I would like to remind my readers that what I write hear is how I see things. They are my perceptions and sometimes my truth - but that might not make the real to someone else. I don't blog for sympathy. I don't blog for approval. I don't blog for support. I blog so that maybe someone out there knows that they are not alone. I blog to help people understand what it is like to suffer from a mental illness. I blog because it helps me organize my thought and it uses less paper than a diary.

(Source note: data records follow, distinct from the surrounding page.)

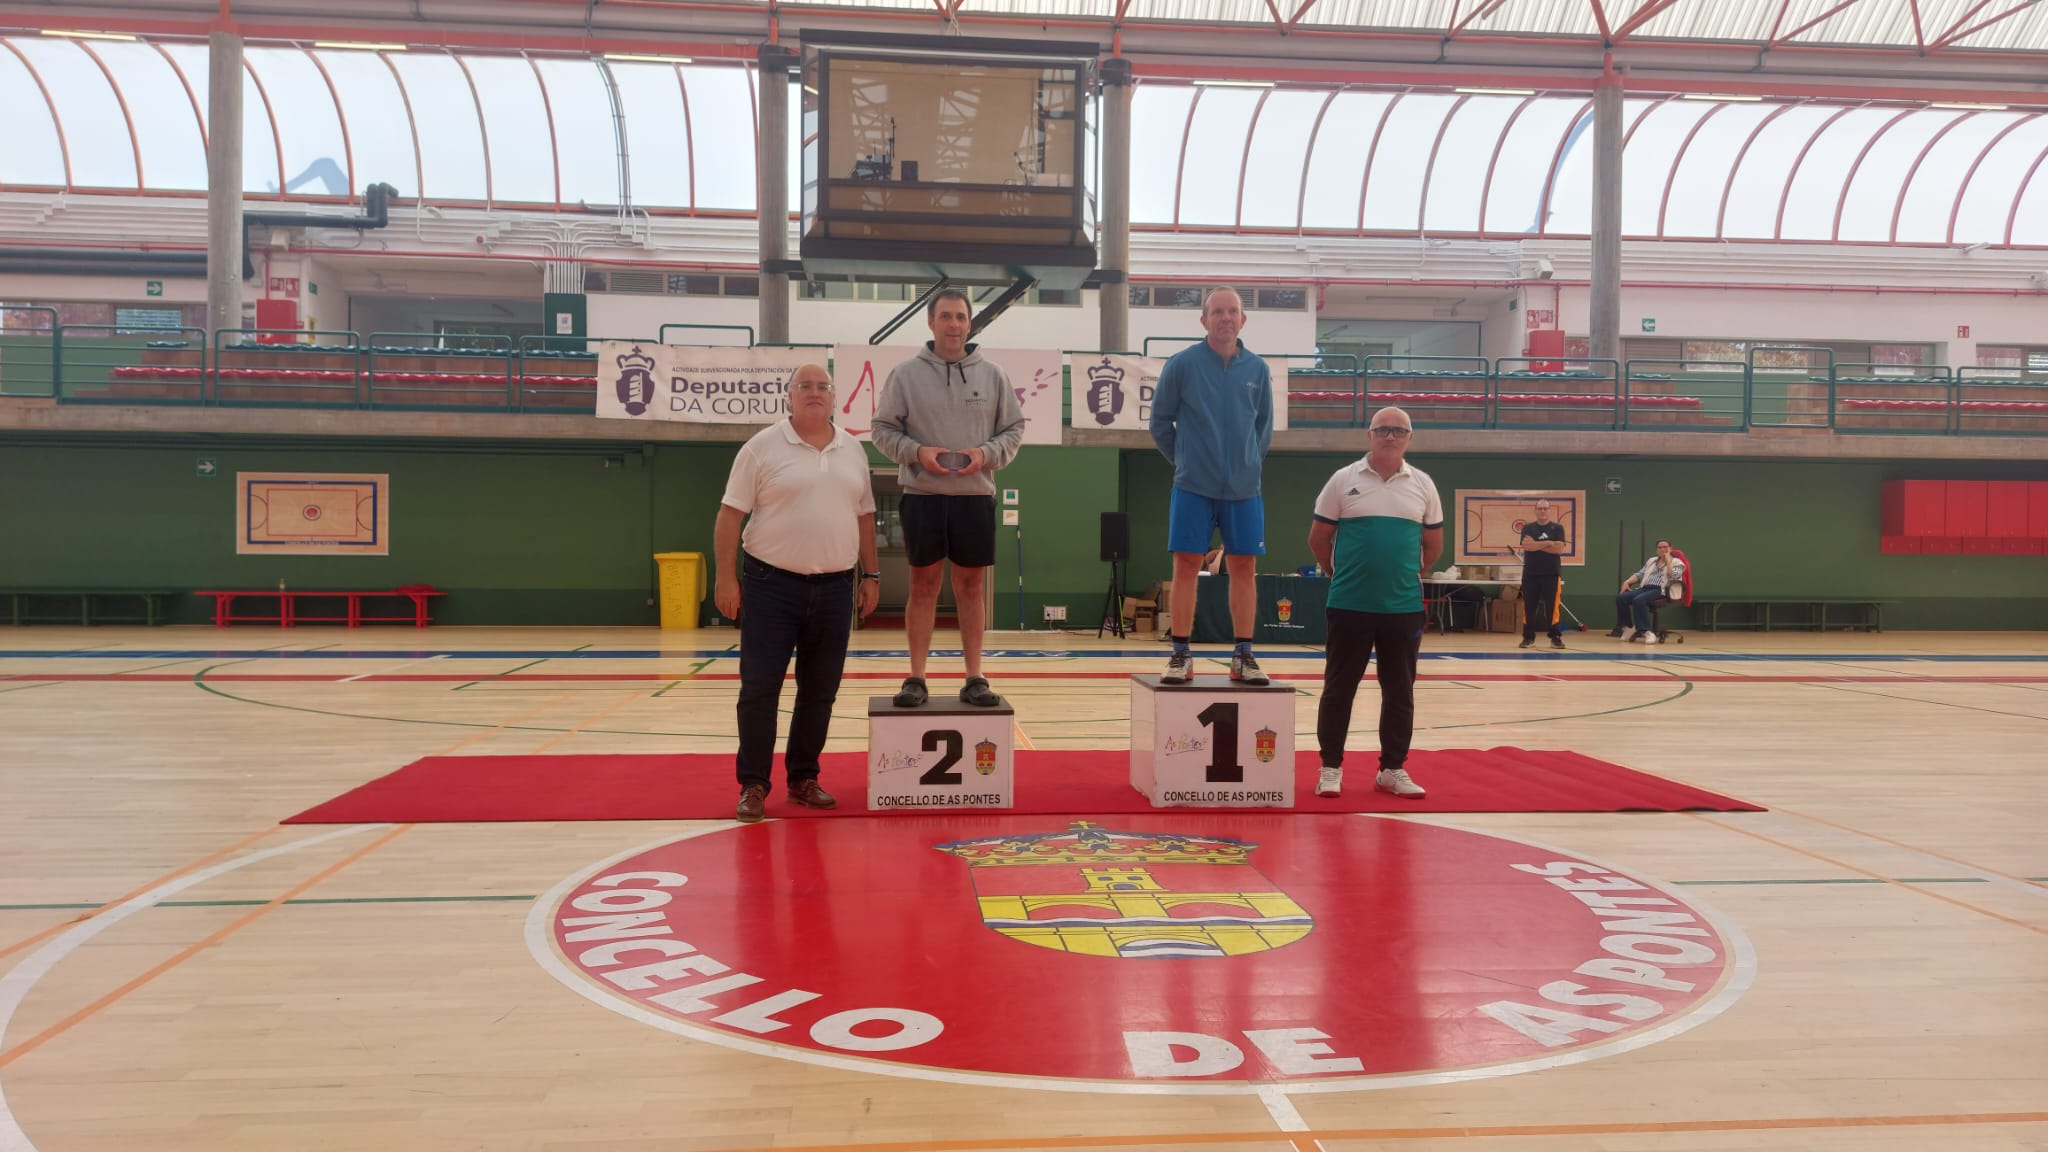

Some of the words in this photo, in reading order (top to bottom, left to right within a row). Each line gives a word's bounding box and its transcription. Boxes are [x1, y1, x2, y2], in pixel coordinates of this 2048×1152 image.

[671, 377, 790, 398] Deputaci
[670, 396, 703, 414] DA
[712, 395, 789, 415] CORU
[1196, 702, 1244, 782] 1
[919, 729, 963, 785] 2
[877, 795, 929, 806] CONCELLO
[932, 795, 945, 805] DE
[946, 794, 960, 805] AS
[963, 794, 1001, 805] PONTES
[1163, 791, 1215, 801] CONCELLO
[1217, 791, 1229, 801] DE
[1231, 791, 1245, 801] AS
[1246, 791, 1284, 801] PONTES
[560, 871, 945, 1051] CONCELLO
[1122, 1027, 1365, 1078] DE

I tend to blog more about my struggles than my successes; maybe I need to do more of that. It would help to portray a better representation of what life is like. It might even help to reduce some of the stigma around mental illness. However, it seems like the harder aspects of life are the easiest to write about. I also think most people would find my success lame. Sometimes it is so small, like making it through a day without a nap or even getting out the door in the morning. It is sometimes things people take for granted, like getting dressed.

These thoughts are not always there. I share them because they are part of a journey. They often help to explain why I react the way I do. I take full responsibility for my choices and my actions. I am after all an adult.

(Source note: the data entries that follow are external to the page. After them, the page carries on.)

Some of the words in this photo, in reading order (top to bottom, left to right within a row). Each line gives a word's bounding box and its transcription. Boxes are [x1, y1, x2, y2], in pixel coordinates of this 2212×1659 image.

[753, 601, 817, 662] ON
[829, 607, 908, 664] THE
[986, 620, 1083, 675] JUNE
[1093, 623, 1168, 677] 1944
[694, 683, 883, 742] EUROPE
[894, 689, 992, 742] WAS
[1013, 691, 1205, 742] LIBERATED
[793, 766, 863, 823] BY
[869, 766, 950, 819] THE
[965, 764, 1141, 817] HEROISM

I find that sometimes it is all too easy to blame the BPD, but reality is that even in those whirlwind moments when I see disconnecting from reality, it is still my choices and my actions that lead to whatever outcome awaits. The BPD offers and explanation and not an excuse.

What I find hard sometimes is separating my from everyday reactions. I am always questioning if my reaction is called for or if it not. Is the situation what I perceive it to be, or am I overacting or creating something that isn't really there? There is a continual screening dialogue in my mind. It can be exhausting. However, it is also what helps me to manage life.

Changing thought patterns and behaviours is a big part of life for anyone - illnesses or not. I think sometimes I am just harder on myself.

I see life as falling and picking yourself up. Learning from mistakes and moving forward. I think that if we forget, we risk repeating behaviours or ending up in the same situations. I think if we forgive, we are able to move forward. Forgiveness doesn't mean that you have to have a relationship with the person, but it does mean having a level or respect and a degree of empathy.

We also need to forgive ourselves sometimes. I think this is where I often get stuck. I am such a people pleaser and perfectionist that I don't allow room for mistakes. I also take everything so personally and feel the pain of others so heavily.


1 comment:

Christina Miller said...

I find I also always focus on the problems in my life, but in all fairness having bipolar disorder gives a lengthy list of problems. I am lucky in that I'm actually having some success right now, but I think I do need to spend more time just enjoying that things are going well. I think I need to do that more.